Ex-homecoming queen Shirley Paine, the Mayor of Highland Park, arrives to Principal Howard’s office to personally give him the cuts in the high school. She keeps cutting the budget in Highland Park in areas that help the community (like healthcare, firefighters, the library, education, parks, sewer cleanup) in favor of vanity projects like malls and a stadium for her rich connections.

A desperate Jess, now unemployed bus driver, tries to knock over a convenience store with a toy gun, but the clerk recognises him, turning him away. Arriving at his estranged ex’s, she refuses to let him see his kids as he’s behind on his child support payments.

When it comes out that he has had to cut jobs and programs, Howard finds himself as the bearer of bad news and is viewed as a pariah in the community. Even the butcher chews him out, as his son is a senior on the football team.

But finally the school lotto pool’s numbers are called after so many years of playing them. Lloyd Howard and the other members of the betting pool suddenly find their lives turned around. They begin making big purchases and revitalizing the local economy.

Pushing for grant money, Howard uses resources based on the promise of the winnings. He gets into a game of one-upsmanship in with Mayor Shirley Paine, spending both private and public funds to revitalize Highland Park.

When Ed returns from his time in the woods fishing, days after the winning numbers were called, and reveals that he bought the ticket with different numbers, everyone but Howard turns against him. Howard has to go up against Paine without any resources and suffers her wrath when she turns the media on him.

Ed, after realizing it’s his fault for not buying the lotto ticket that everyone planned on, gives a speech about how everyone is the same as they were before they thought they won the money, so they are not out anything.

Lloyd Howard is painted early on as an idealist and a former troublemaker who has since made good as the beleaguered school principal.
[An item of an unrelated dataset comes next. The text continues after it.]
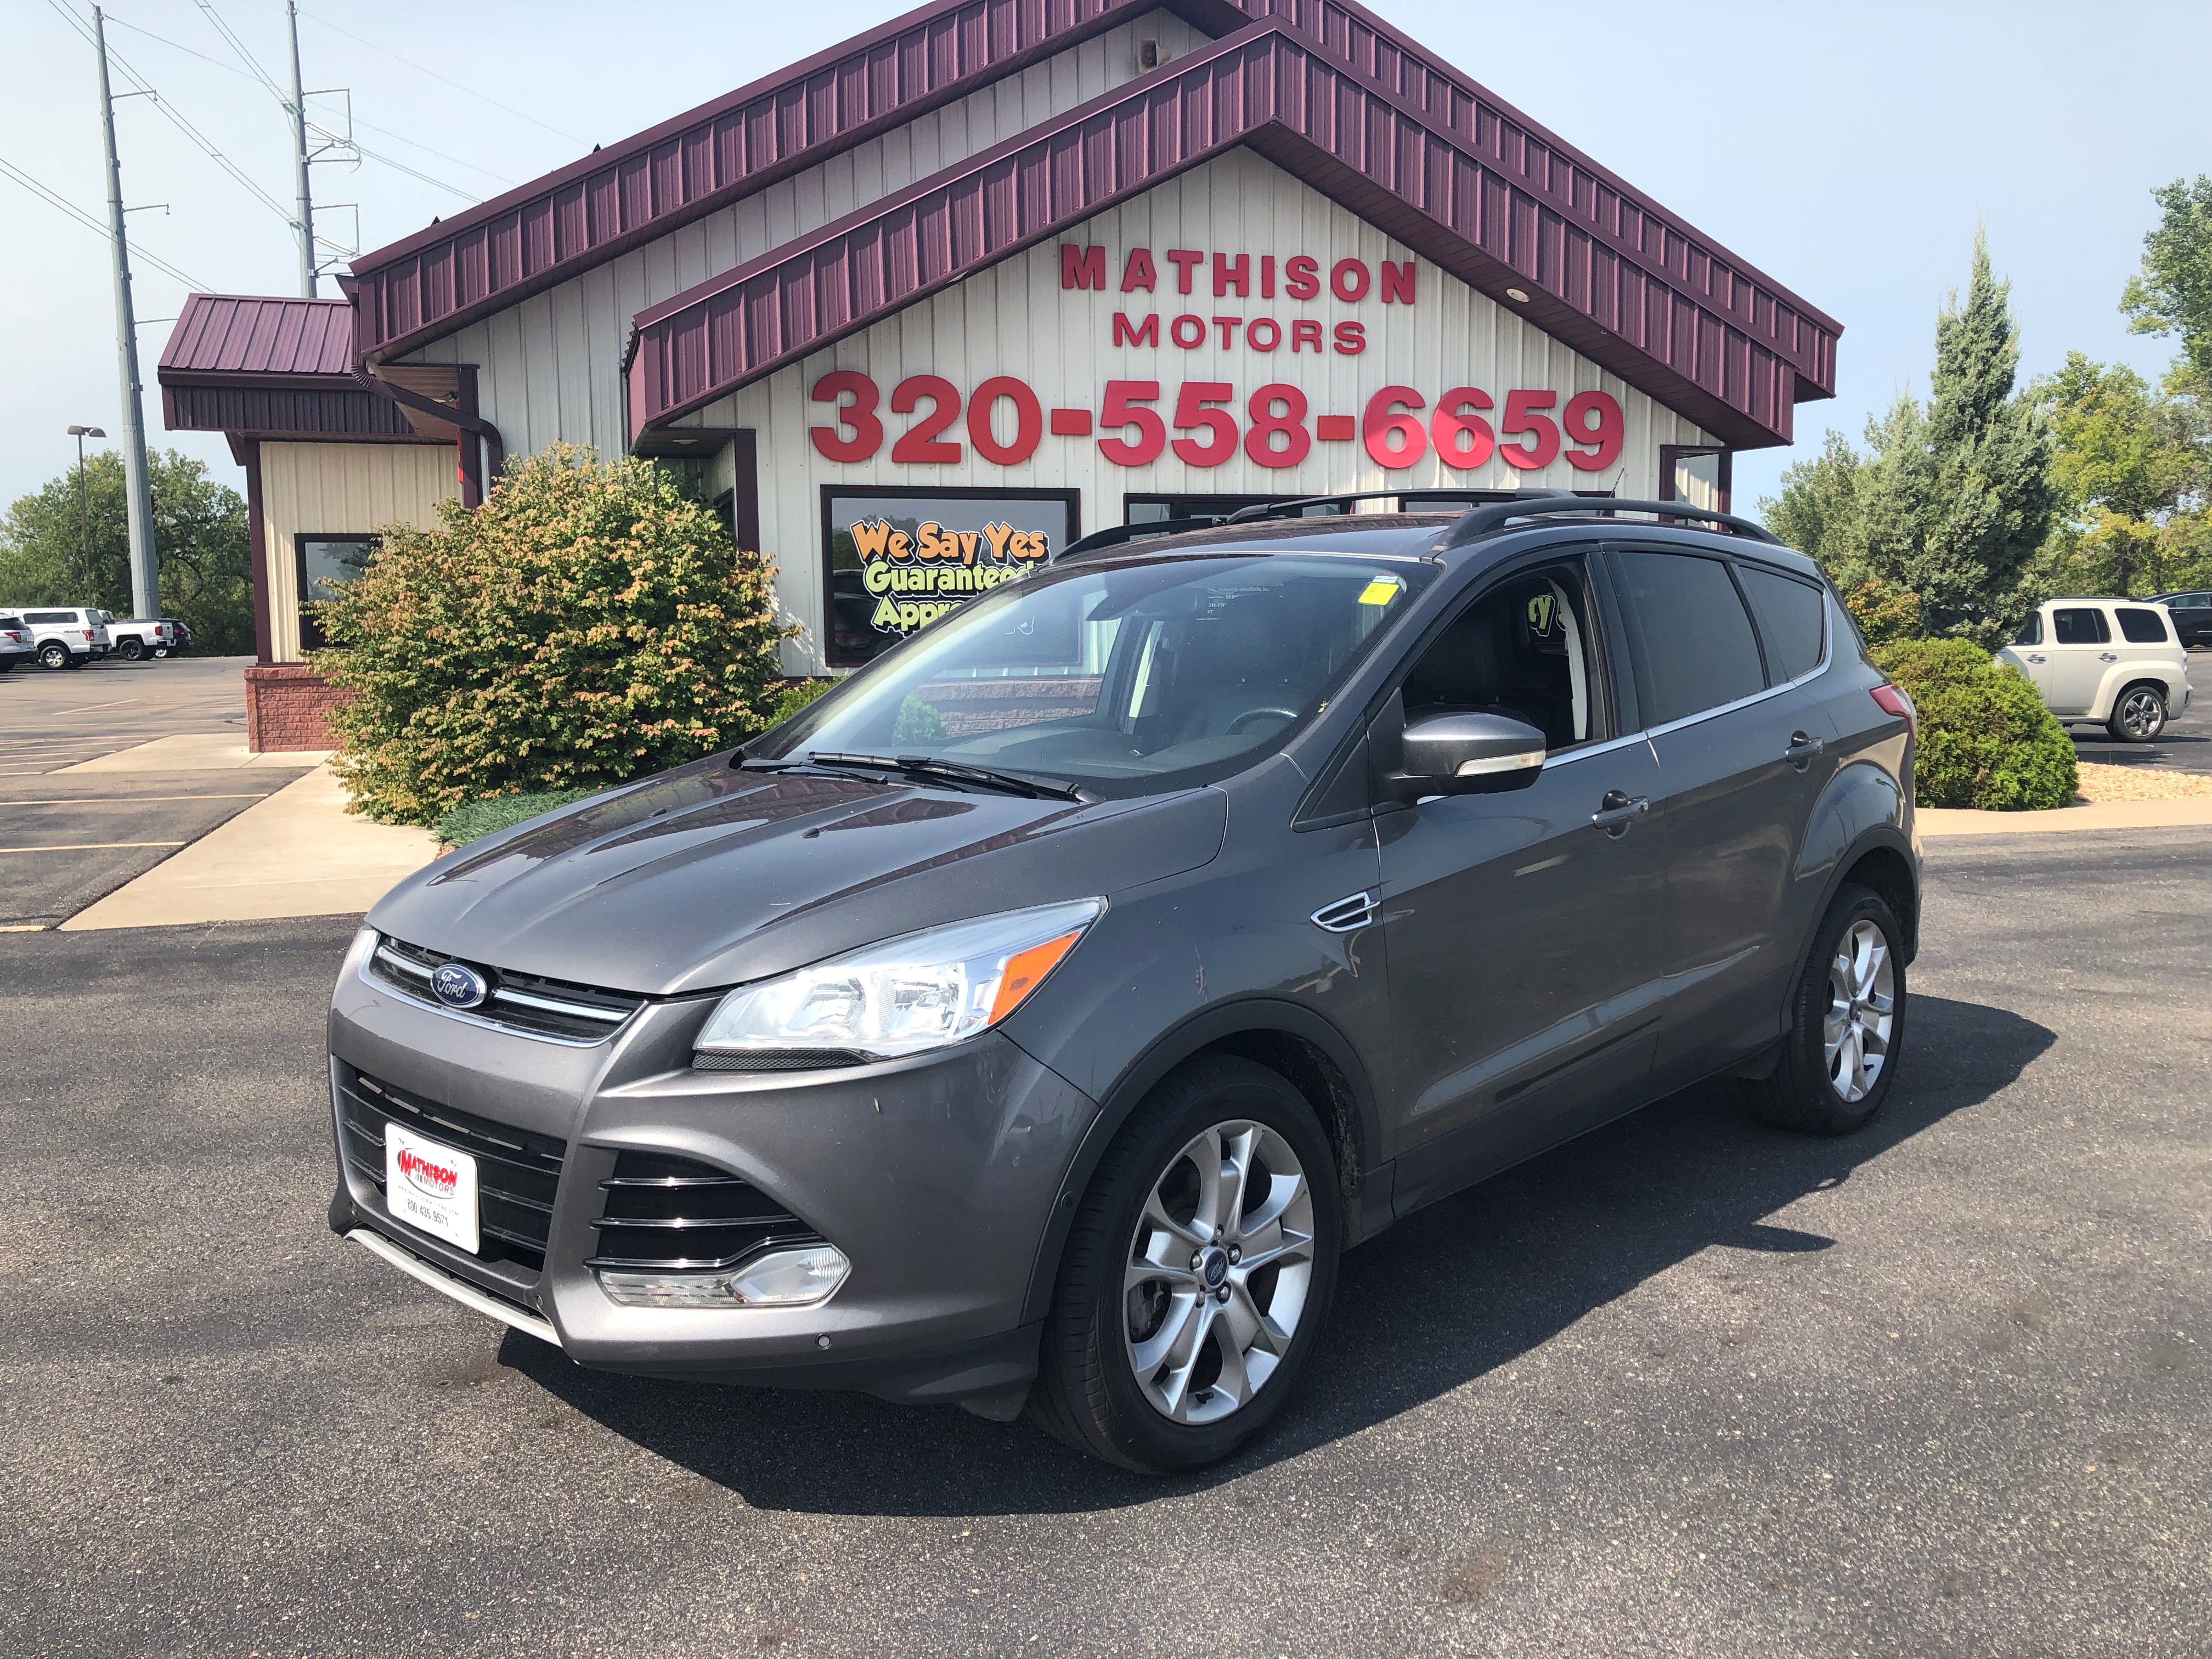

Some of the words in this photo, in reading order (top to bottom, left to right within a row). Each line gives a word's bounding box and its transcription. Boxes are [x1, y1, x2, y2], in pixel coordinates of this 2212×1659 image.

His body language changes, as if he has been carrying a great weight for a long time and then his whole posture changes as he becomes more assertive. He has a kind of spiritual rebirth.

The lottery group regroups, and thanks to the mayor’s now former assistant, they are able to hack Mayor Paine’s laptop, recovering incriminating e-mails. Howard pressures the mayor, through threatening to expose her corruption, into putting the money back into Highland Park.

Hope for the future is restored, both for the community that was originally meant to be a kind of beacon for the surrounding area, as well as for the six original lottery group members.

==Cast==
- Billy Burke as Lloyd Howard
- Kimberly Elise as Toni
- John Carroll Lynch as Rory
- Parker Posey as Shirley Paine
- Danny Glover as Ed
- Rockmond Dunbar as Shaun
- Eric Ladin as Jessie
- Deborah Ann Woll as Lilly
- Haaz Sleiman as Ali Rasheed
- Bob Gunton as Bert
- Michelle Forbes as Sylvia Howard
- Bo Derek as Destiny
- Vernee Watson-Johnson as May
- Blake Clark as Hal
- Stephanie Koenig as Eileen

==Production==
On 6 October 2009, Variety said cinematographer Daniel Moder and costume designer Deborah Everton were booked. On 8 October 2009, The Hollywood Reporter said Parker Posey had joined the cast, then shooting in Detroit. On 12 October 2009, Variety said Billy Burke had joined the cast, with Danny Glover, Michelle Forbes, Bob Gunton and Deborah Ann Woll.

==Release==
In March 2013, ‘Highland Park’ was being distributed by Tribeca Film through Video On Demand.

==Reception==
Leonard Maltin awarded the film two and half stars.